:: Exercise aim ::
Each line from the one holding "this 1334×1126 image." through the final line of the data below is to be given again exactly, and no other line is to appear.

---------------

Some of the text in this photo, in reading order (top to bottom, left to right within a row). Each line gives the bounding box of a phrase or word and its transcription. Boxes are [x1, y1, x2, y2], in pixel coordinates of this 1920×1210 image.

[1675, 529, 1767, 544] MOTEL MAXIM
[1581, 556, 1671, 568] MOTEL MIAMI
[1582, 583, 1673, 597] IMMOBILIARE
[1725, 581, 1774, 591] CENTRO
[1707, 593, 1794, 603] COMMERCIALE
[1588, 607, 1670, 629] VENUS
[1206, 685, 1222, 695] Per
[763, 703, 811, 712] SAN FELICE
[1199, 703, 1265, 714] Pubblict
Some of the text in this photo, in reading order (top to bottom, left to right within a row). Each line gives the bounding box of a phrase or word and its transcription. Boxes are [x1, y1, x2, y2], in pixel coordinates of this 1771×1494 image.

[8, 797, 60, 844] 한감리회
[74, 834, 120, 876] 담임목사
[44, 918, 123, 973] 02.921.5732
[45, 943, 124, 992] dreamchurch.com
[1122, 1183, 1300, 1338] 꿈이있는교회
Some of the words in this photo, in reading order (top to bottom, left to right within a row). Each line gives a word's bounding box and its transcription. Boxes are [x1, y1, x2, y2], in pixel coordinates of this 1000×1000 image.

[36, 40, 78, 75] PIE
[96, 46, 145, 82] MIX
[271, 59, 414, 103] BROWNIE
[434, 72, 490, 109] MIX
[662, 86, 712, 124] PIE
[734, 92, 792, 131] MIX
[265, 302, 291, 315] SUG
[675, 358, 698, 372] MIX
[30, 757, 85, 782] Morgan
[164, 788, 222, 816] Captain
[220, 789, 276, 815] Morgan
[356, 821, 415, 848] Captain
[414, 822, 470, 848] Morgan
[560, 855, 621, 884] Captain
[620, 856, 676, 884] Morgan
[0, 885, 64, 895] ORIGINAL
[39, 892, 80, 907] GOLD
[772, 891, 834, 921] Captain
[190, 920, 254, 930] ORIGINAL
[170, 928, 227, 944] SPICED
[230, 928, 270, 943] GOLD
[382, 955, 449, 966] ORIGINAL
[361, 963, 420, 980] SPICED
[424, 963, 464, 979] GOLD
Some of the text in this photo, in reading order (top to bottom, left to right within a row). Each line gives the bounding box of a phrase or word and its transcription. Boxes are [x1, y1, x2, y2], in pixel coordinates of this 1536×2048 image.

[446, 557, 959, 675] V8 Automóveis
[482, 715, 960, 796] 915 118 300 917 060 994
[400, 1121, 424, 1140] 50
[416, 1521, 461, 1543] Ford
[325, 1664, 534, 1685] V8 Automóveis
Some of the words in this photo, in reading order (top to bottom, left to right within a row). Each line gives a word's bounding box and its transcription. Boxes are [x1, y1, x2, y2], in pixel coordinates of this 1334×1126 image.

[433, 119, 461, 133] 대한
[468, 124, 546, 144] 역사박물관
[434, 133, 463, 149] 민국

---------------

:: Your response ::
Some of the words in this photo, in reading order (top to bottom, left to right within a row). Each line gives a word's bounding box and its transcription. Boxes are [x1, y1, x2, y2], in pixel coordinates of this 1334×1126 image.

[433, 119, 461, 133] 대한
[468, 124, 546, 144] 역사박물관
[434, 133, 463, 149] 민국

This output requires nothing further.